= Problem to work on =
With images removed, transcribe each record exactly as it appears.

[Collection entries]
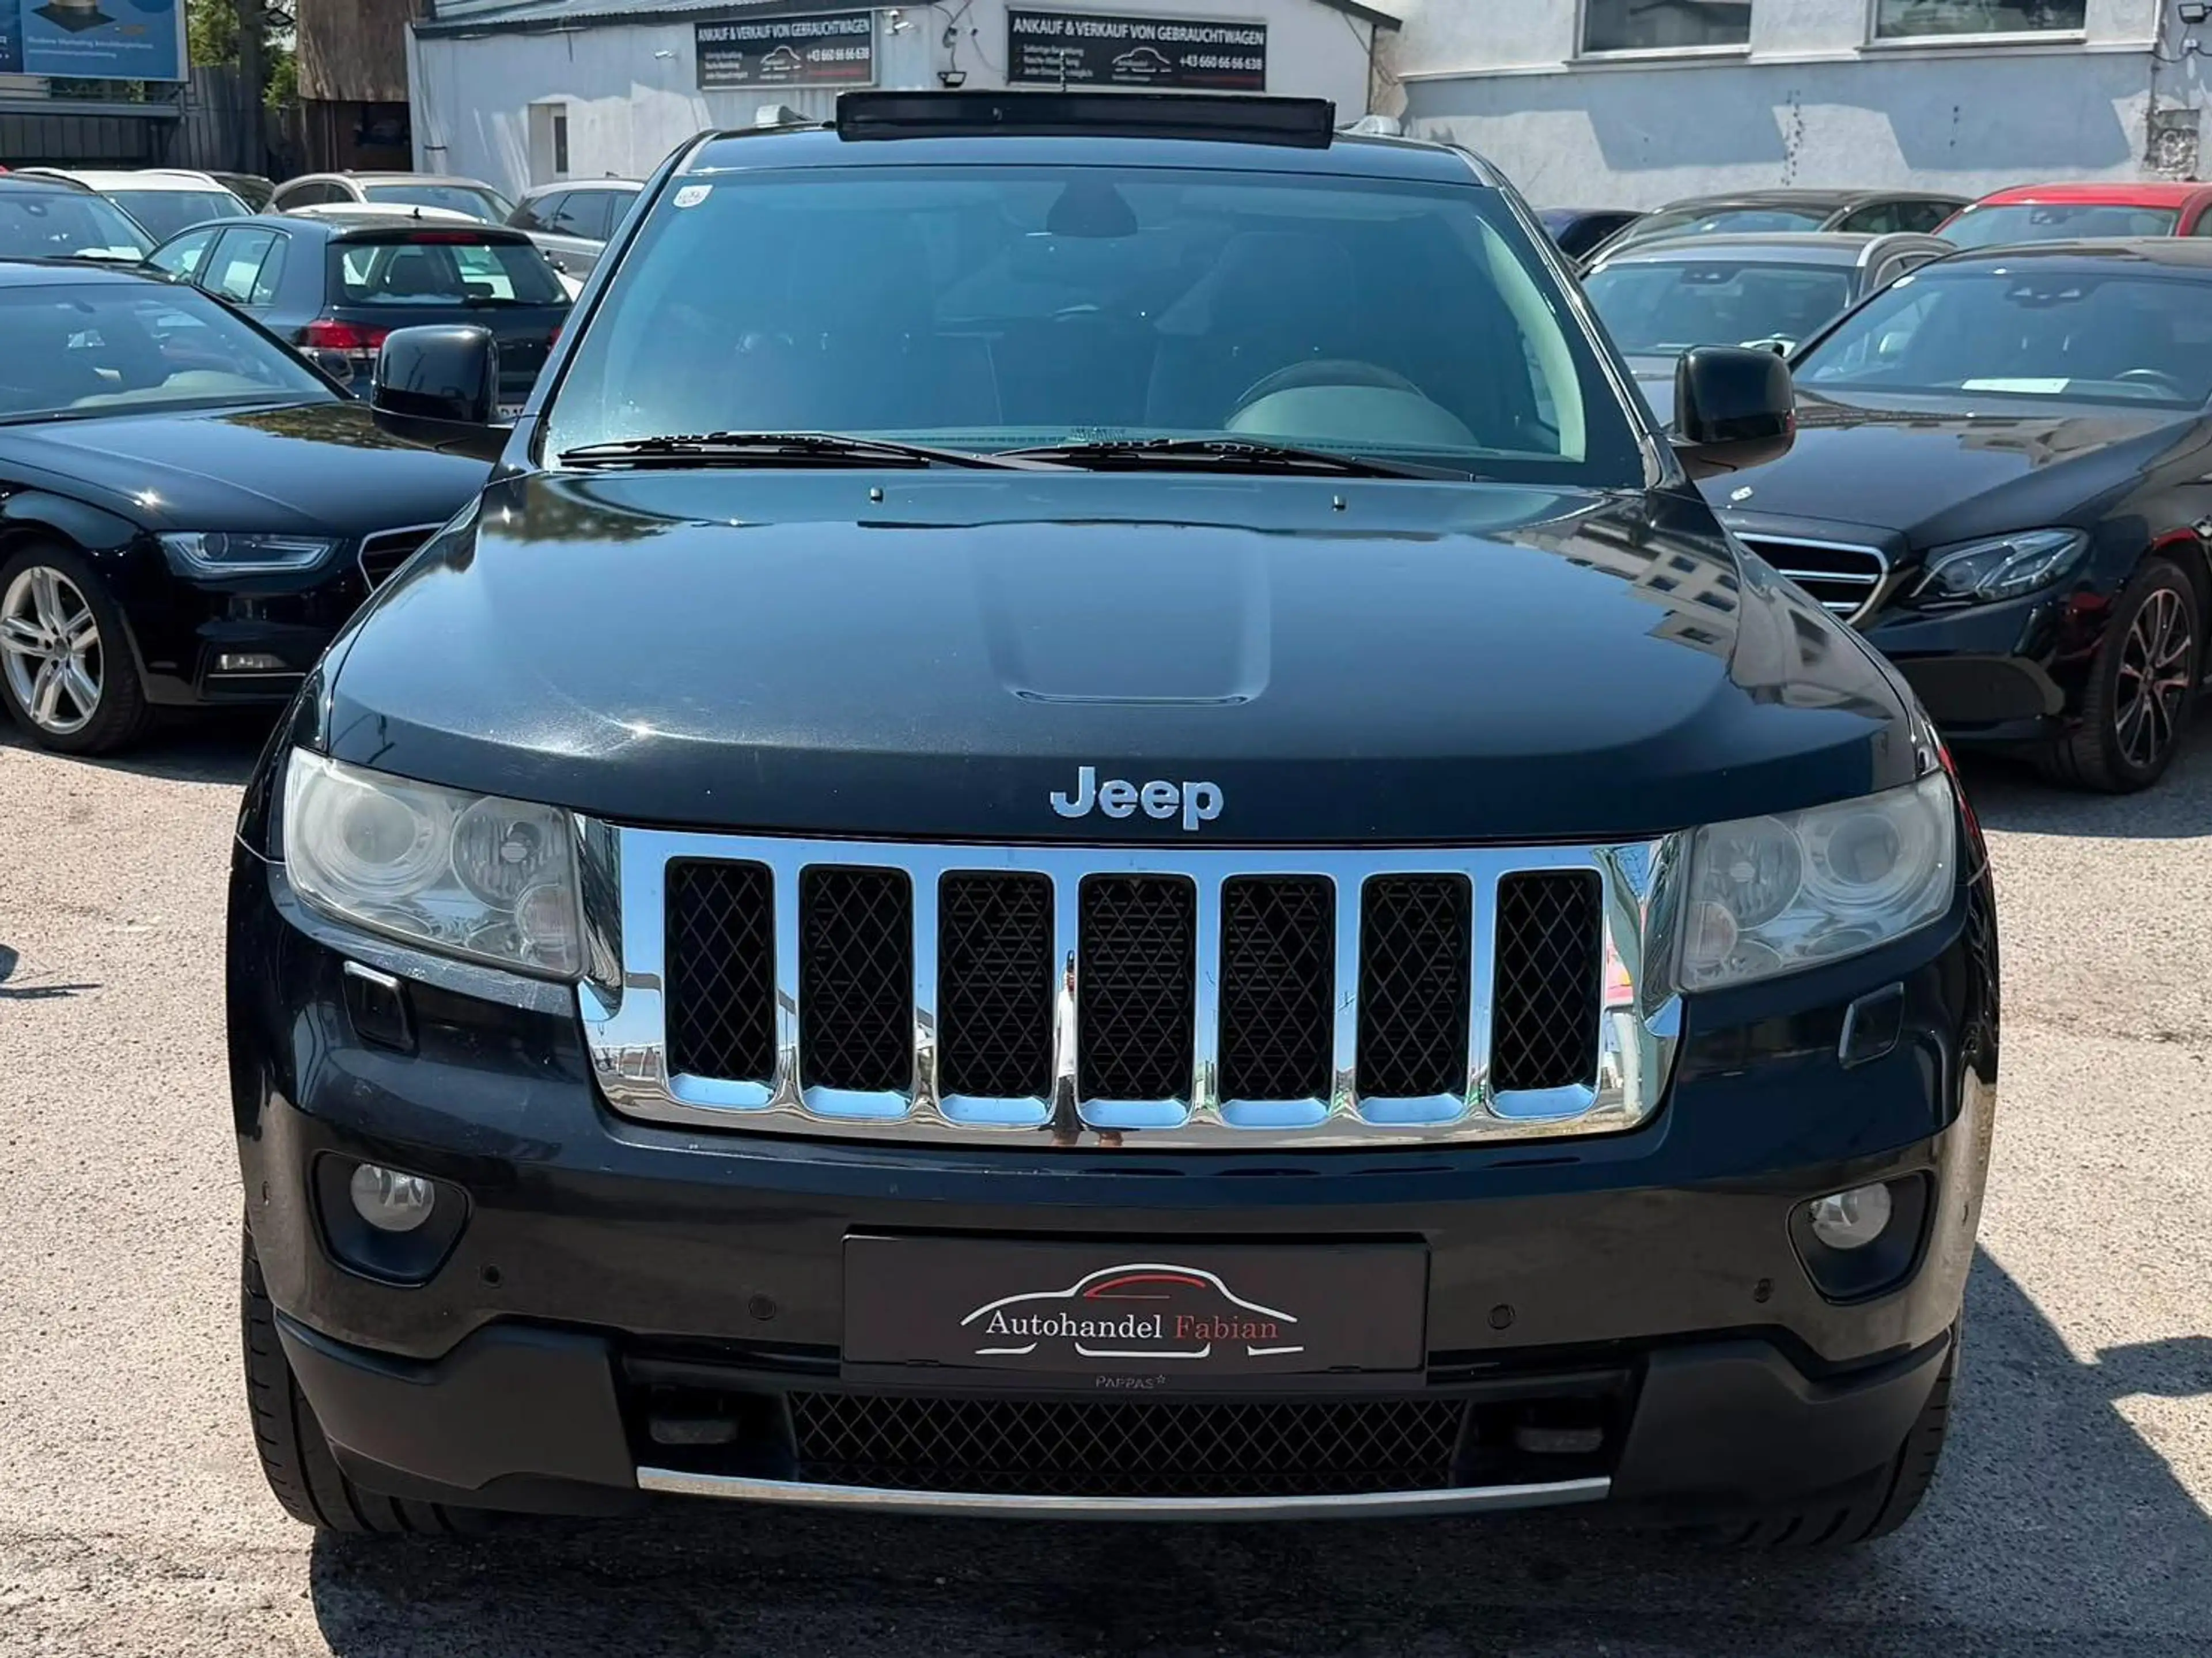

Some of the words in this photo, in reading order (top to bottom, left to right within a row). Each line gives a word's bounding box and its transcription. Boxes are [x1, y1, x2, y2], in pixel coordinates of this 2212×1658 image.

[1013, 17, 1063, 35] ANKAUF
[1065, 21, 1074, 35] &
[1075, 21, 1128, 38] VERKAUF
[1130, 24, 1156, 40] VON
[1157, 25, 1264, 45] GEBRAUCHTWAGEN
[1180, 55, 1198, 67] +43
[1050, 766, 1224, 831] Jeep
[986, 1310, 1162, 1339] Autohandel
[1173, 1315, 1279, 1340] Fabian

= Solution for this task =
Some of the words in this photo, in reading order (top to bottom, left to right within a row). Each line gives a word's bounding box and its transcription. Boxes are [x1, y1, x2, y2], in pixel coordinates of this 2212×1658 image.

[1013, 17, 1063, 35] ANKAUF
[1065, 21, 1074, 35] &
[1075, 21, 1128, 38] VERKAUF
[1130, 24, 1156, 40] VON
[1157, 25, 1264, 45] GEBRAUCHTWAGEN
[1180, 55, 1198, 67] +43
[1050, 766, 1224, 831] Jeep
[986, 1310, 1162, 1339] Autohandel
[1173, 1315, 1279, 1340] Fabian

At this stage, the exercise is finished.